Records from a data source
Start of Block
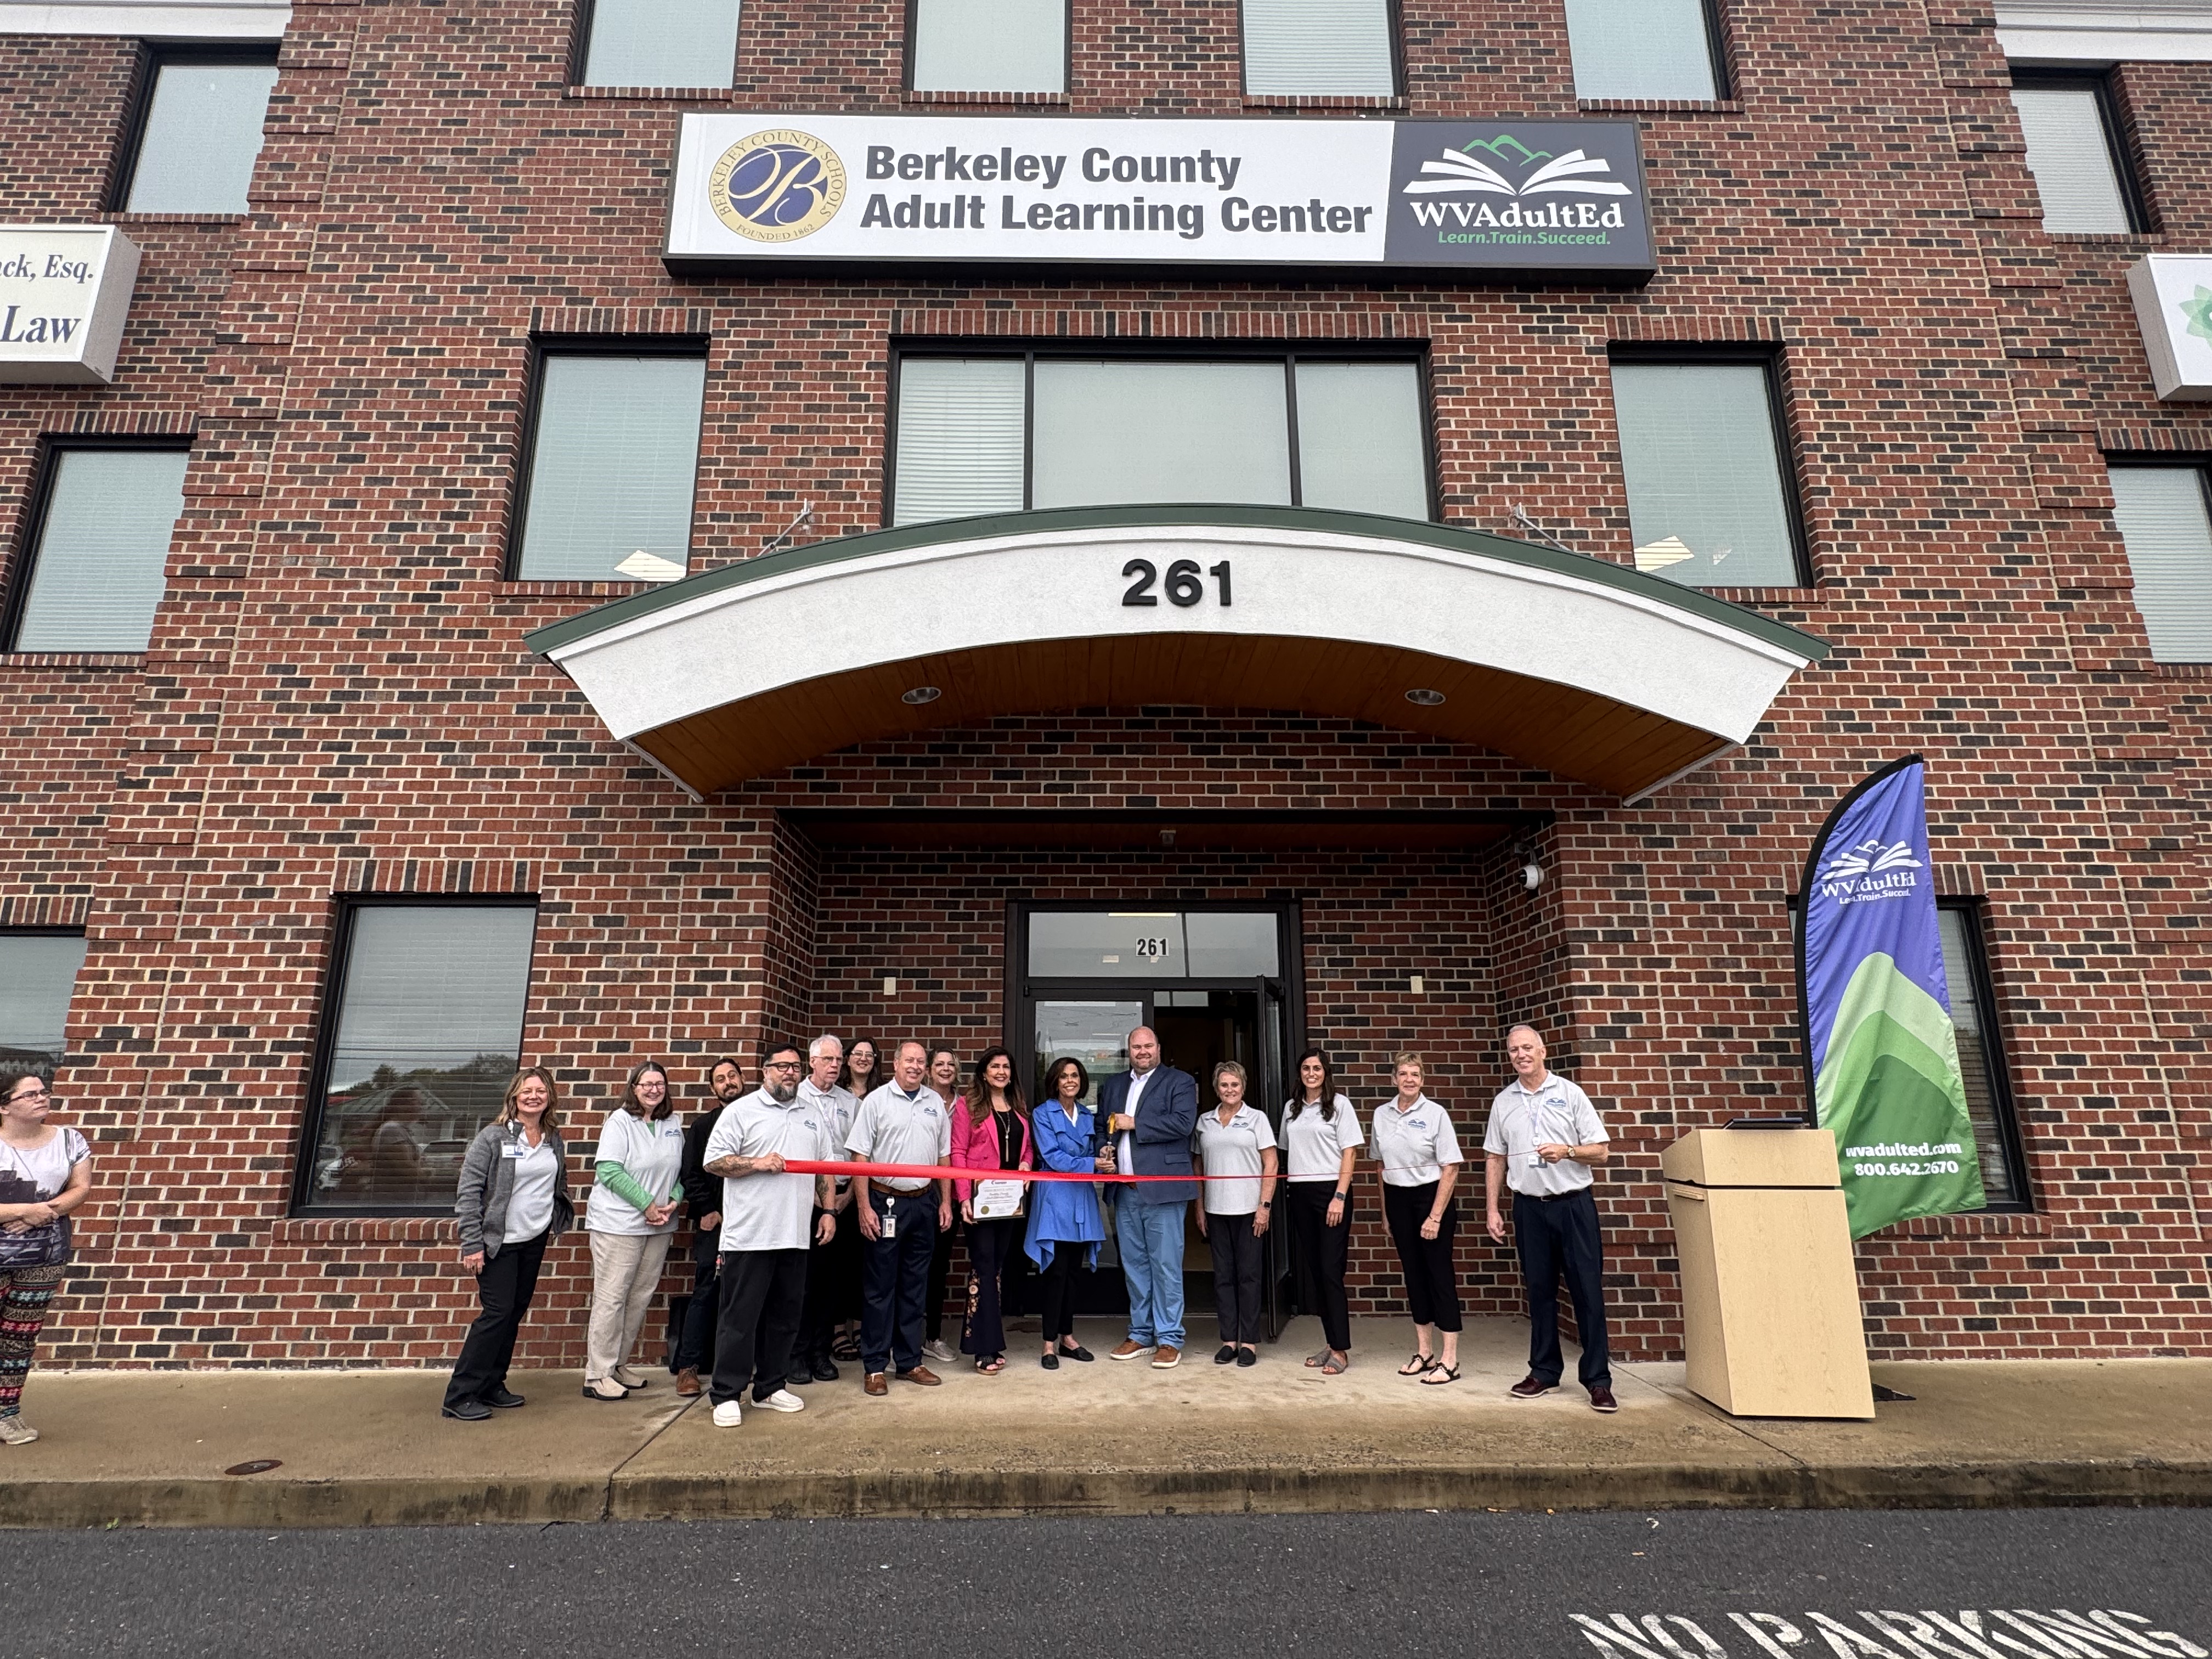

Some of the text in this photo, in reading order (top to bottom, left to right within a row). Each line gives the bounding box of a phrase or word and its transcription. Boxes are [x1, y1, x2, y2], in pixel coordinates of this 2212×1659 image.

[713, 132, 844, 217] BERKELEY COUNTY SCHOOLS
[866, 145, 1242, 191] Berkeley County
[860, 194, 1373, 240] Adult Learning Center
[1410, 202, 1625, 228] WVAdultEd
[736, 224, 815, 240] FOUNDED 1862
[1438, 230, 1611, 245] Learn.Train.Succeed.
[0, 253, 93, 284] ck, Esq.
[0, 306, 82, 343] Law
[1122, 558, 1232, 607] 261
[1137, 938, 1166, 956] 261
[1846, 1142, 1963, 1158] wvadulted.com
[1854, 1160, 1960, 1176] 800.642.2670
[1567, 1609, 2210, 1659] NO PARKING
End of Block
--- Instructions to follow ---
An exact copy of every record above is needed, with all pictures left out.

--- Response area ---
Some of the text in this photo, in reading order (top to bottom, left to right within a row). Each line gives the bounding box of a phrase or word and its transcription. Boxes are [x1, y1, x2, y2], in pixel coordinates of this 2212×1659 image.

[713, 132, 844, 217] BERKELEY COUNTY SCHOOLS
[866, 145, 1242, 191] Berkeley County
[860, 194, 1373, 240] Adult Learning Center
[1410, 202, 1625, 228] WVAdultEd
[736, 224, 815, 240] FOUNDED 1862
[1438, 230, 1611, 245] Learn.Train.Succeed.
[0, 253, 93, 284] ck, Esq.
[0, 306, 82, 343] Law
[1122, 558, 1232, 607] 261
[1137, 938, 1166, 956] 261
[1846, 1142, 1963, 1158] wvadulted.com
[1854, 1160, 1960, 1176] 800.642.2670
[1567, 1609, 2210, 1659] NO PARKING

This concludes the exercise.